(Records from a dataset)
= = = =
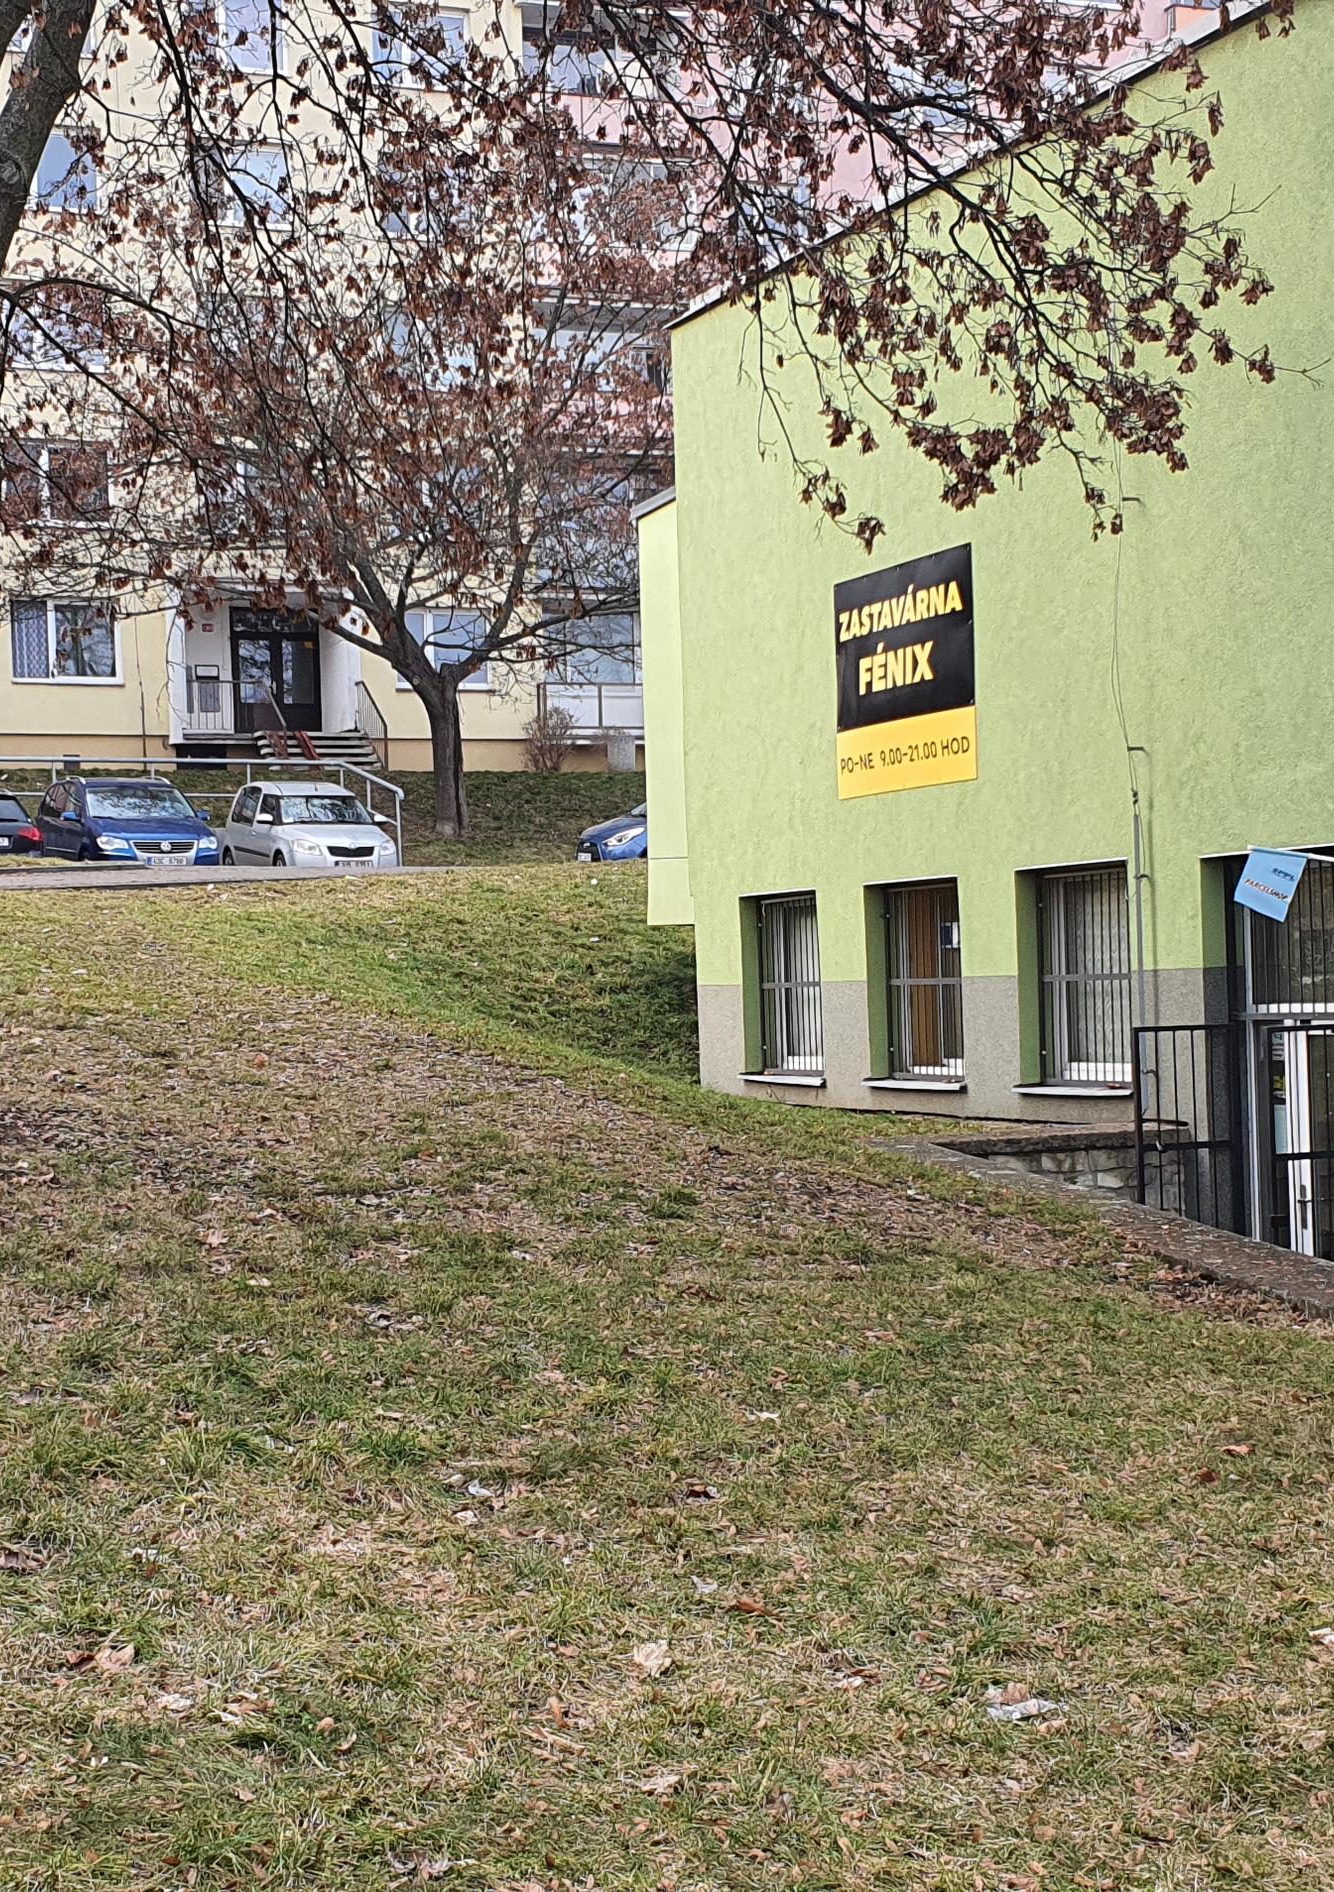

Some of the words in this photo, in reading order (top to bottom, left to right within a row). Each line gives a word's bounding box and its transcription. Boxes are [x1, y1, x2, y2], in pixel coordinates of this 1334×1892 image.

[839, 583, 963, 642] ZASTAVÁRNA
[859, 641, 934, 696] FÉNIX
[840, 751, 875, 775] PO-NE
[880, 740, 938, 767] 9.00-21.00
[940, 735, 970, 758] HOD
= = = =
TASK DESCRIPTION
The pictures should be dropped, and every line above should be set down again exactly.

WORKED SOLUTION
Some of the words in this photo, in reading order (top to bottom, left to right within a row). Each line gives a word's bounding box and its transcription. Boxes are [x1, y1, x2, y2], in pixel coordinates of this 1334×1892 image.

[839, 583, 963, 642] ZASTAVÁRNA
[859, 641, 934, 696] FÉNIX
[840, 751, 875, 775] PO-NE
[880, 740, 938, 767] 9.00-21.00
[940, 735, 970, 758] HOD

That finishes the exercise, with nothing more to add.